Больно трепанув несчастное хвостатое существо за ухо для вящей покладистости, она с нажимом прилепила пластырь. Казалось бы, цель достигнута. Изъян скрыт. Но щенок, для коего эта штука вызывала немыслимый дискомфорт, немедленно вознамерился от нее избавиться. Он принялся яростно скрести лапой по грудке и шустро тереться о давно немытый пол, пытаясь содрать назойливую заплатку.
***
Тетя Лю, наблюдая за борьбой щенка с лейкопластырем, сначала хмурилась, потом начала звереть, а под конец, не выдержала, взвизгнула и закричала:
– Ах ты, неблагодарная твоя душа! Мы тебе помогаем, а ты… Да чтоб тебя!

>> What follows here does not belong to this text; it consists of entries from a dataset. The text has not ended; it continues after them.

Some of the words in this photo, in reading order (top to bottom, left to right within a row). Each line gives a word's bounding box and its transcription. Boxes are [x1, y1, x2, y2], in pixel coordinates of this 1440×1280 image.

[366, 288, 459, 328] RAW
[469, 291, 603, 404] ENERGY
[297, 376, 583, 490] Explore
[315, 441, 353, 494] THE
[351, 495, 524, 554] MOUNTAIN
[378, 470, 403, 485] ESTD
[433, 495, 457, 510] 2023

В ярости она схватила неподдающегося паренька за холку и приподняла на полом так, что он громко заскулил от неожиданности и боли, и сердито швырнула в открытую дверь на улицу – к старой будке. Пластырь, не выдержав страстного порыва, отклеился с одного края и теперь нелепо и совсем несмешно болтался на шерстке маленького лабрадора.

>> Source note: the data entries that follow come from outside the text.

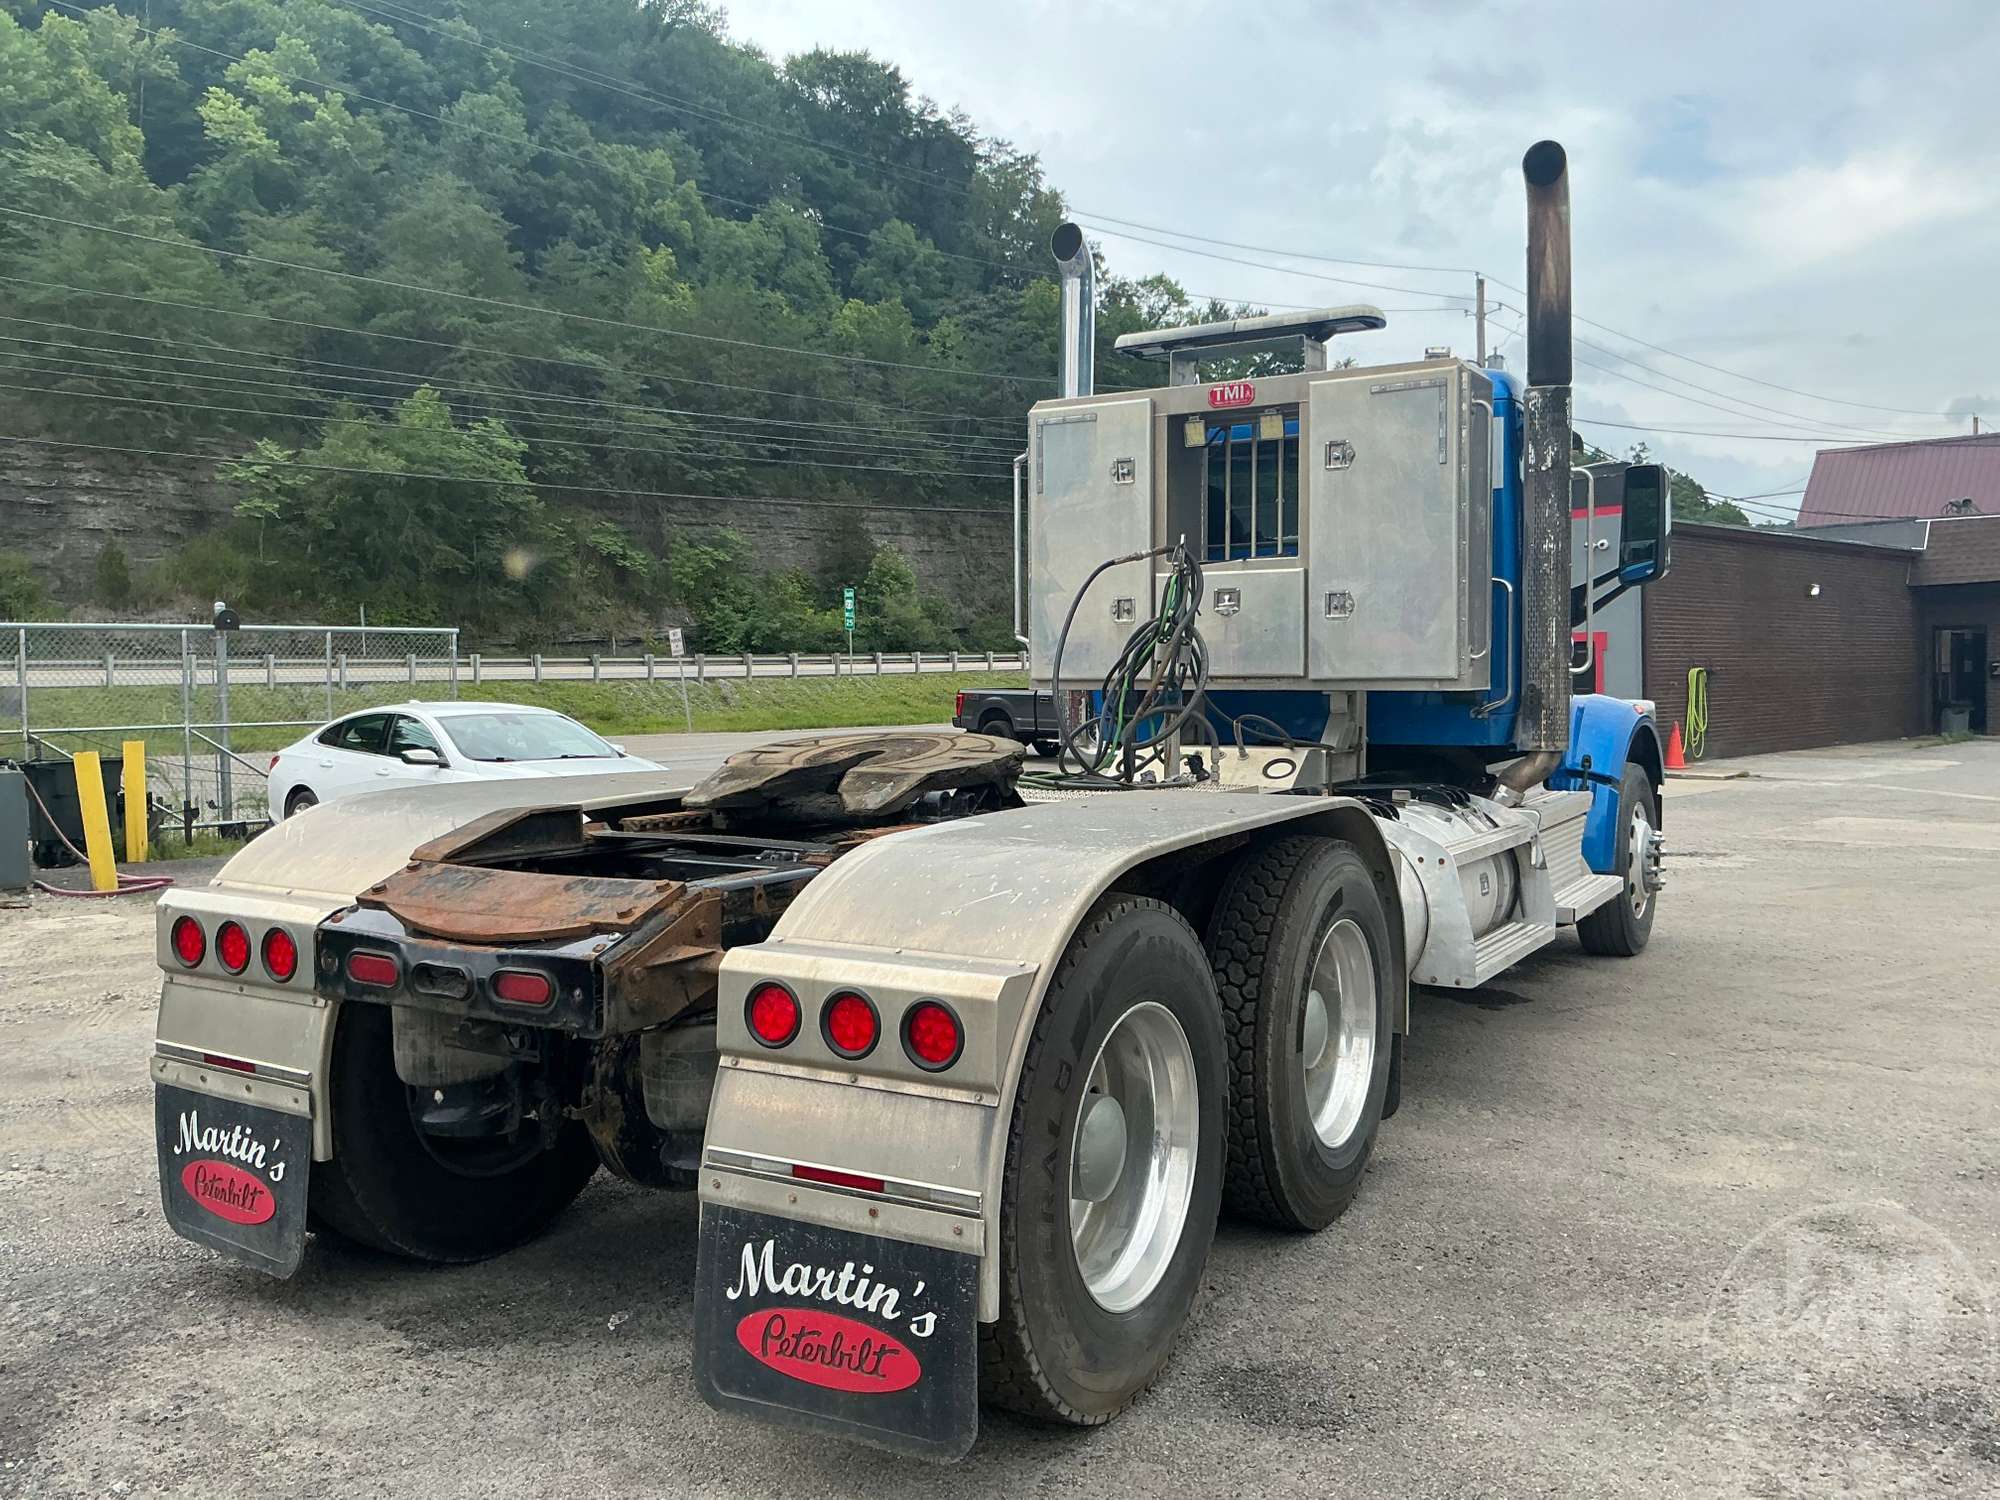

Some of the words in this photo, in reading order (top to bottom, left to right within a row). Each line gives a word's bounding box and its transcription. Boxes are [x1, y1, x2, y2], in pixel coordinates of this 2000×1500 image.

[1213, 385, 1245, 401] TMI
[174, 1110, 286, 1182] Martin's
[194, 1164, 265, 1212] Peterbilt
[726, 1239, 938, 1338] Martin's
[761, 1313, 899, 1379] Peterbilt

Последующие дни напоминали алхимические опыты спятивших ученых. Дядя Ко – чей упрямый ум отказывался мириться с поражением, перепробовал буквально все, что было под рукой. Он мазал пятно горчицей – щенок ее слизывал и чихал, но пятно проступало вновь. Он пытался припудрить его медным купоросом – вышло еще хуже. В припадке отчаяния, он даже развел крепкий раствор марганцовки, надеясь прижечь белизну до темно-коричневого цвета. Но пятно, будто наделенное магической защитой, только слегка порозовело и продолжило насмешливо подмигивать неумелому экспериментатору ярко-белой собачьей косточкой.
***
Ничто не брало эту кость. Ни краска, ни пластырь, ни народная хитрость. Она была нерушимой, как закон подлости, и яркой, как совесть негодяя.
И вот однажды вечером, когда щенок, утомленный экспериментами, спал, свернувшись калачиком на старом ватнике, дядя Ко, облокотившись на косяк двери, произнес слова, которые должны были изменить судьбу их маленького пленника:
– Лю, – сказал он хрипло. – Не выходит. Не продать его нам. Ни один лопух, даже самый слепой, не поверит, что это породистый лабрадор без изъяна. Это пятно… оно… как клеймо. Как приговор…
Чистя картошку у ведра, тетя Лю тяжело вздохнула в ответ – она и сама уже давно поняла, что прибыль уплывает из дырявых рук, словно дым из развалившейся печной трубы.
– Значит, так, – продолжил дядя Ко голосом, в котором удавливались нотки нового стратегического замысла. – Коли не вышел из него аристократ с выставки… выйдет из него сторож дому нашему. Злобный, цепной пес получится. Для охраны. Их тоже покупают за хорошие деньги. Не такие, конечно, как за выставочных псов, но все же… Давай вырастим из него грозу окрестностей! Чтоб грозно гавкал и рвал всех, кто через забор перелезет без спроса!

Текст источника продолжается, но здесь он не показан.